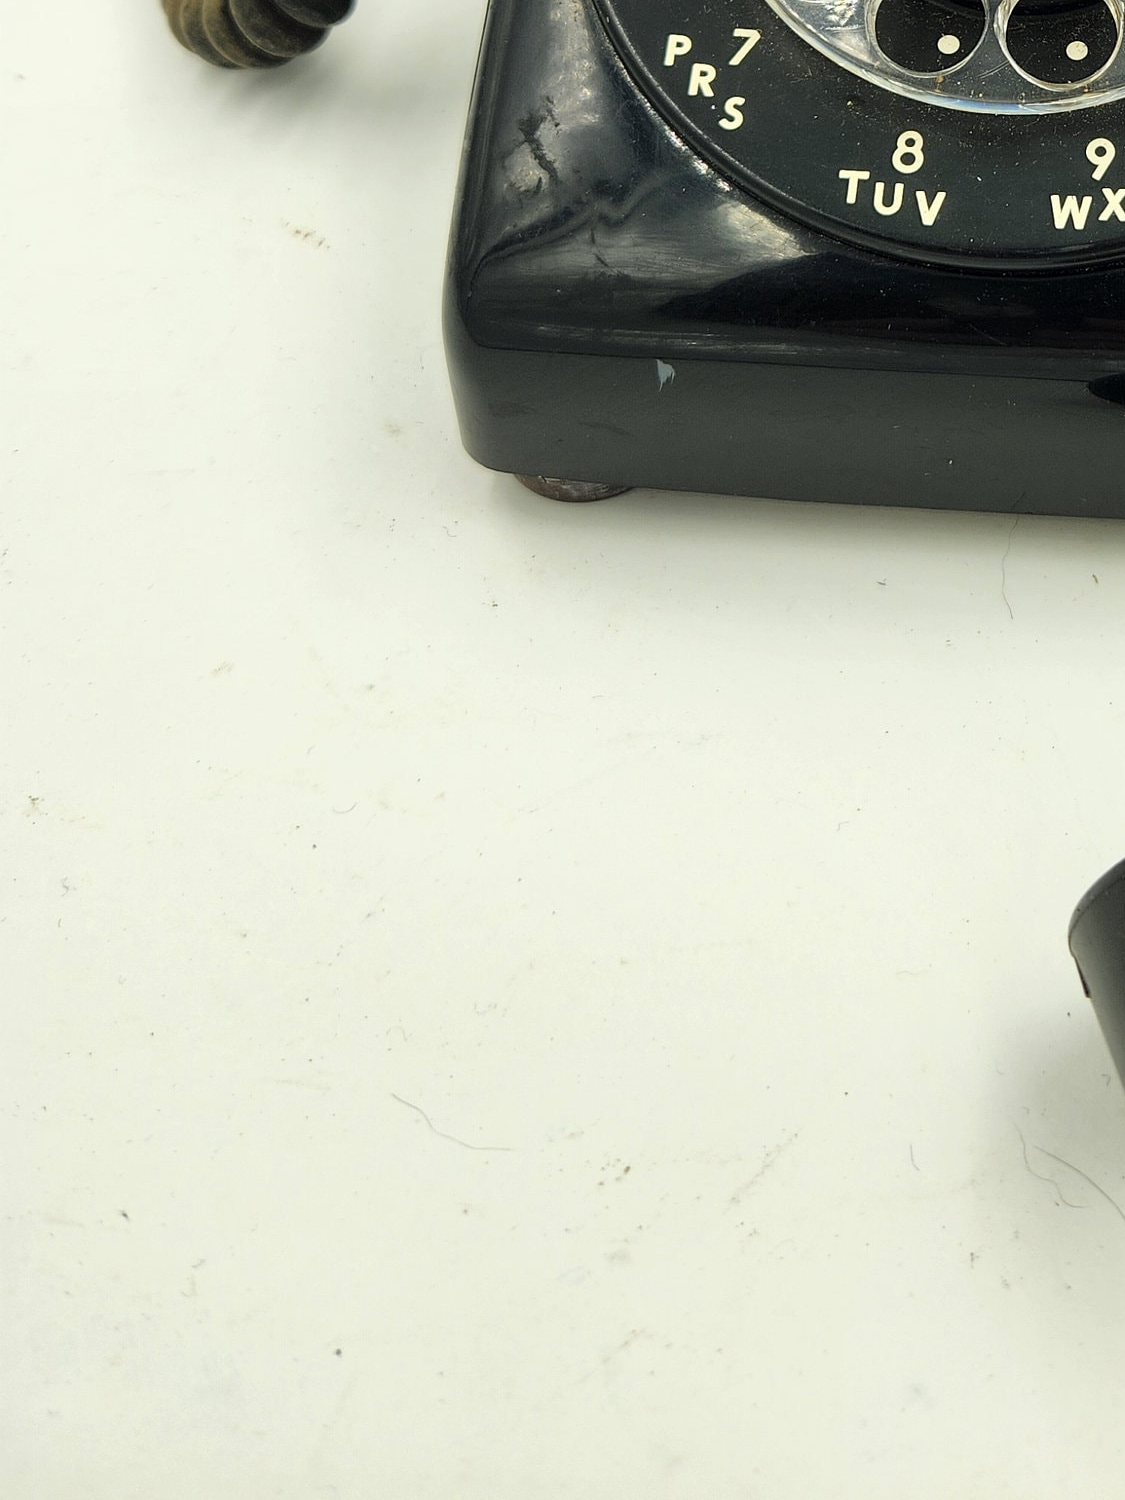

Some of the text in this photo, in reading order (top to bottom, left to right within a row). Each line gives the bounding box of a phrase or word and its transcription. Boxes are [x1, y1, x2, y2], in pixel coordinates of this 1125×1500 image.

[728, 27, 762, 66] 7
[891, 130, 925, 174] 8
[1085, 137, 1116, 181] 9
[838, 169, 947, 227] TUV
◆ ◆ ◆ ◆ ◆ ◆ ◆
## Work order:
All entries above must be repeated exactly; pictures are to be left out.

## Written solution:
Some of the text in this photo, in reading order (top to bottom, left to right within a row). Each line gives the bounding box of a phrase or word and its transcription. Boxes are [x1, y1, x2, y2], in pixel coordinates of this 1125×1500 image.

[728, 27, 762, 66] 7
[891, 130, 925, 174] 8
[1085, 137, 1116, 181] 9
[838, 169, 947, 227] TUV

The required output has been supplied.